68 Whiskey is an American military comedy-drama television series created by Roberto Benabib. Based on the Israeli television series Charlie Golf One (known as Taagad in תאג"ד), it premiered on January 15, 2020, on the Paramount Network.

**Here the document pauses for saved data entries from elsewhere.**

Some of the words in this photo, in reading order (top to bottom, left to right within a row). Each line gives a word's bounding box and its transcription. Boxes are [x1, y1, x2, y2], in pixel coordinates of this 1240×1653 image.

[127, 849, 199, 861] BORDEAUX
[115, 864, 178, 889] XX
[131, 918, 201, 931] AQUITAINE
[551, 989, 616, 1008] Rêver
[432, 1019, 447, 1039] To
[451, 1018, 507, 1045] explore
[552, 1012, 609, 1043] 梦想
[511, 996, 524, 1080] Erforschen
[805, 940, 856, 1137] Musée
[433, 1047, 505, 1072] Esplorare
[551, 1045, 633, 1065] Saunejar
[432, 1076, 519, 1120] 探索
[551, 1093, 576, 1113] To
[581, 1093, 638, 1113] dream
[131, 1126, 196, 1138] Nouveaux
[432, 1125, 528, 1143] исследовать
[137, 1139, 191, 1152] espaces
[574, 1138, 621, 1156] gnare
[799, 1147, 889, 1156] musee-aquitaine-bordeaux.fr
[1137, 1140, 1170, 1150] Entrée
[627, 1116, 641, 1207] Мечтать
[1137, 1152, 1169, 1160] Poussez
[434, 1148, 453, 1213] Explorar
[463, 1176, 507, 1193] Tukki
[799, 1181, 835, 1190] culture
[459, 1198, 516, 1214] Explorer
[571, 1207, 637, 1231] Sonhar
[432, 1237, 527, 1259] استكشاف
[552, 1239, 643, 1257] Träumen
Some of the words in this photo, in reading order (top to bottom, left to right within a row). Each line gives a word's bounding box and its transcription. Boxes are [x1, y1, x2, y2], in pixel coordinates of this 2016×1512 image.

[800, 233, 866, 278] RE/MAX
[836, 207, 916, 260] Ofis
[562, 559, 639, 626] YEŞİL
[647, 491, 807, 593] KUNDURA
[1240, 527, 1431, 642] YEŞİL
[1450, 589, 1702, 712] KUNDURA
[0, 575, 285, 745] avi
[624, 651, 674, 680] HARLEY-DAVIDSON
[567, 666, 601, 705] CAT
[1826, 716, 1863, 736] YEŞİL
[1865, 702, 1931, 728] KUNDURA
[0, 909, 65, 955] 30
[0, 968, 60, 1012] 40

In September 2020, the series was canceled after one season.

==Cast and characters==
===Main===
- Sam Keeley as Cooper Roback
- Gage Golightly as Grace Durkin
- Cristina Rodlo as Sergeant Rosa Alvarez
- Jeremy Tardy as Staff Sergeant Mekhi Davis
- Nicholas Coombe as Anthony Petrocelli
- Fahim Fazli as warlord
- Derek Theler as Sasquatch
- Beth Riesgraf as Major Sonia Holloway
- Lamont Thompson as Colonel Harlan Austin

===Recurring===
- Usman Ally as Captain Hazara
- Artur Benson as Khalil
- Aaron Glenane as Chef Colin Gale
- Linc Hand as Crash
- Jade Albany as Cassola
- Omar Maskati as Qasem

==Episodes==

| No. | Title | Directed by | Written by | Original release date | U.S. viewers (millions) |
|---|---|---|---|---|---|
| 1 | "Buckley's Goat" | Michael Lehmann | Roberto Benabib | January 15, 2020 | 0.87 |
| 2 | "Finger Lickin' Good" | Michael Lehmann | Roberto Benabib | January 22, 2020 | 0.56 |
| 3 | "Daddy Issues" | Erin Feeley | Roberto Benabib | January 29, 2020 | 0.51 |
| 4 | "Trouble in River City" | Michael Lehmann | Mark Stegemann | February 5, 2020 | 0.41 |
| 5 | "Pain Management" | Michael Lehmann | Kim Benabib | February 12, 2020 | 0.41 |
| 6 | "Fight or Flight" | David Petrarca | Caitie Delaney | February 19, 2020 | 0.39 |
| 7 | "Mister Fix-It" | Erin Feeley | Dylan Park-Pettiford | February 26, 2020 | 0.35 |
| 8 | "Do the Right Thing" | Michael Trim | Dave Holstein | March 4, 2020 | 0.50 |
| 9 | "No Good Deed..." | Erin Feeley | Roberto Benabib & Mark Stegemann | March 11, 2020 | 0.53 |
| 10 | "Close Your Eyes and Jump" | Michael Lehmann | Roberto Benabib & Dave Holstein | March 18, 2020 | 0.47 |

==Production==
===Development===
On July 9, 2018, it was announced that Paramount Network had given the production a pilot order. The pilot was directed by Michael Lehmann and written by Roberto Benabib who were also set to executive produce alongside Brian Grazer, Francie Calfo, Zion Rubin, Efrat Shmaya Dror, Danna Stern, Samie Kim Falvey and Michael Lehmann. On April 30, 2019, it was reported that Paramount Network had given the production a series order for a first season consisting of ten episodes. Production companies involved with the series were slated to consist of CBS Television Studios, Imagine Television, and yes Studios. The series premiered on January 15, 2020. On September 2, 2020, Paramount Network canceled the series after one season.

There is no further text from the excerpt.